Я на собственном опыте убедился, что все разговоры о медлительности и неповоротливости черепах – это пустые разговоры, и не более того: черепаха Мурка рассекала по дачному участку, выставив вперёд голову, словно маленький танк – и не было никакой возможности уследить за её перемещениями! Поначалу, к задней лапе черепахи привязывали нитку, чтобы можно было найти её в траве – но нитка рвалась, и тогда к черепашьей лапе стали привязывать бечевку. Мурка перекусывала бечевку и уходила в садово-огородные дебри.
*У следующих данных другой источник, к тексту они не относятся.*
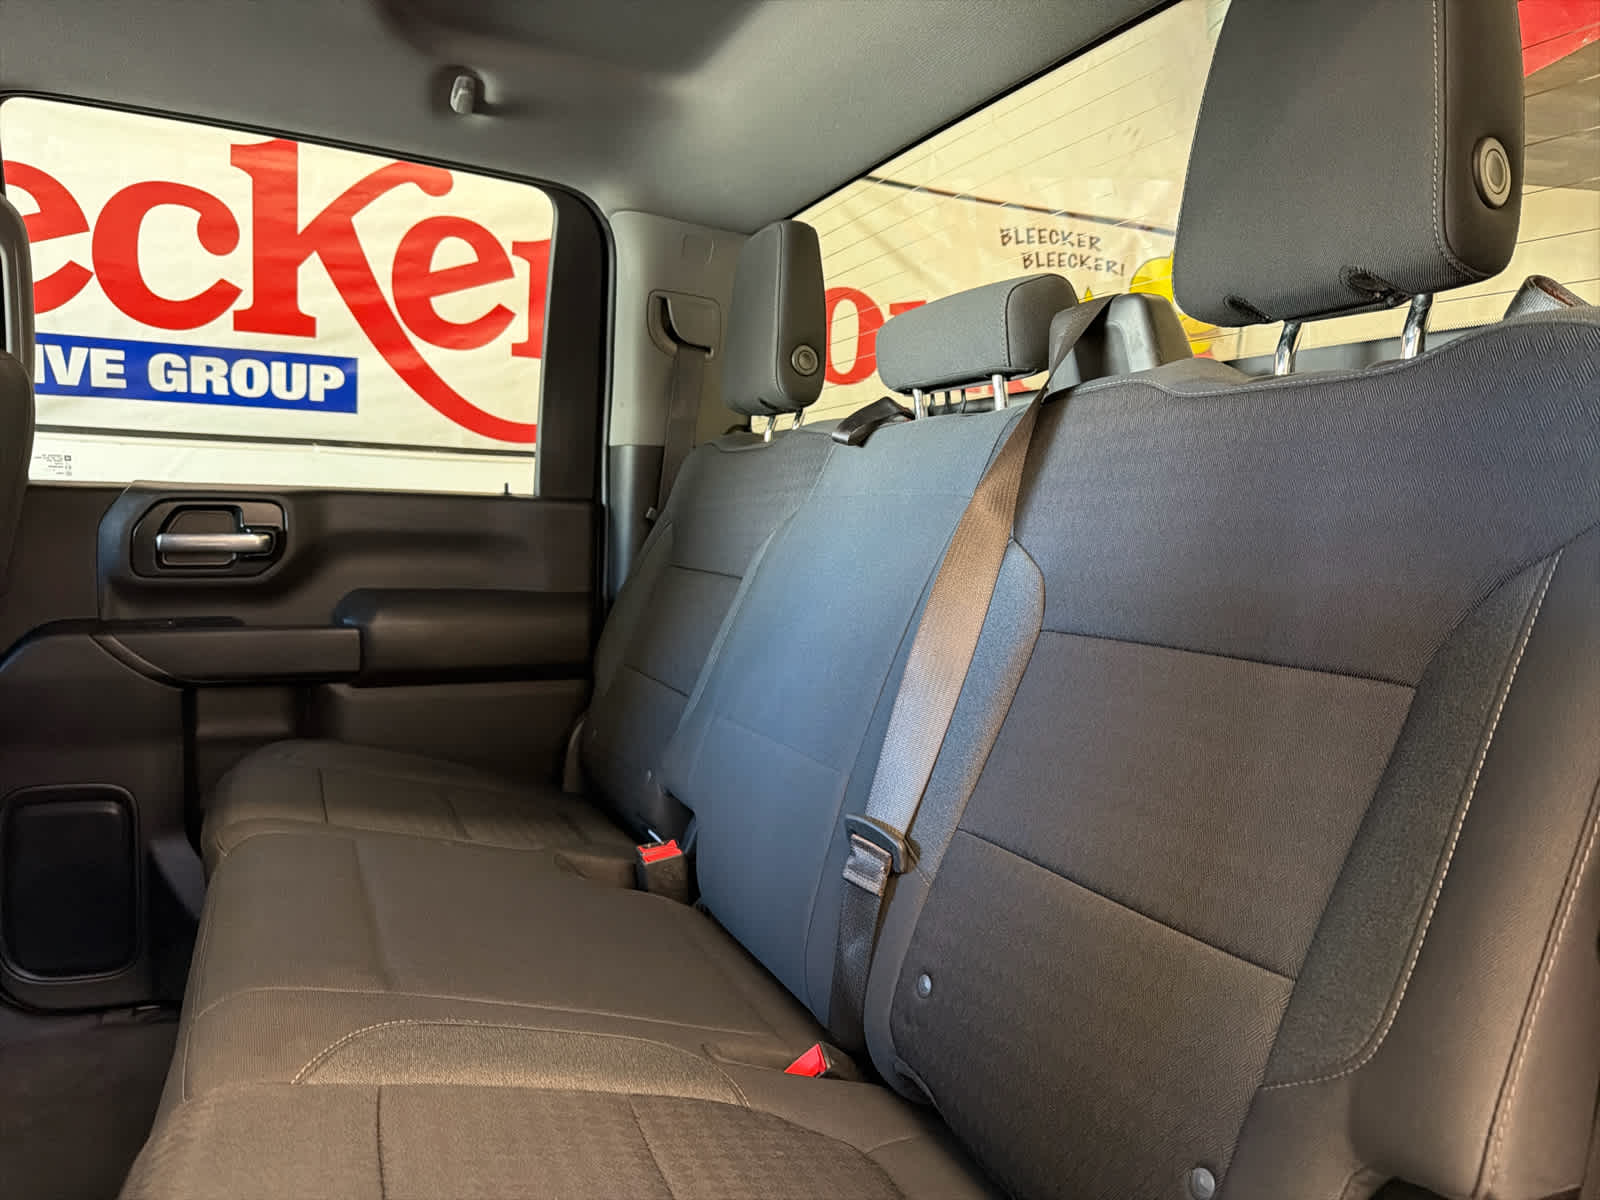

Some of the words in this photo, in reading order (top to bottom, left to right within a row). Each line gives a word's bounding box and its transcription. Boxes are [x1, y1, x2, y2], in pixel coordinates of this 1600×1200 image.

[999, 226, 1102, 252] BLEECKER
[1022, 251, 1126, 277] BLEECKER!
[148, 353, 345, 402] GROUP
Тогда было решено построить для черепахи загон из вбитых в землю колышков – но свободолюбивая Мурка перелезала через ограду, или просто разрушала загон, раздвигая лапами частокол, или подрывая колья – и снова уходила на дачные просторы. Тогда на черепаху просто махнули рукой – тем более, что вырвавшуюся на свободу беглянку находили, как правило, на одних и тех же местах: она либо выпалывала салатные грядки, либо шуршала в кустах клубники, лакомясь ягодами – к величайшему неудовольствию бабушки. Самым же забавным было то, что, оказавшись предоставленной сама себе, черепаха Мурка не только не терялась – каждый вечер с заходом солнца она приползала к крыльцу дачного дома и терпеливо ждала, пока кто-то из нас обратит на неё внимание и внесёт на веранду, где у неё был свой любимый угол под старинным буфетом. Черепаха прожила у нас до 1989 года – до того момента, когда я окончил школу и поступил в университет – и летом восемьдесят девятого тихо уснула на своей любимой дачной грядке.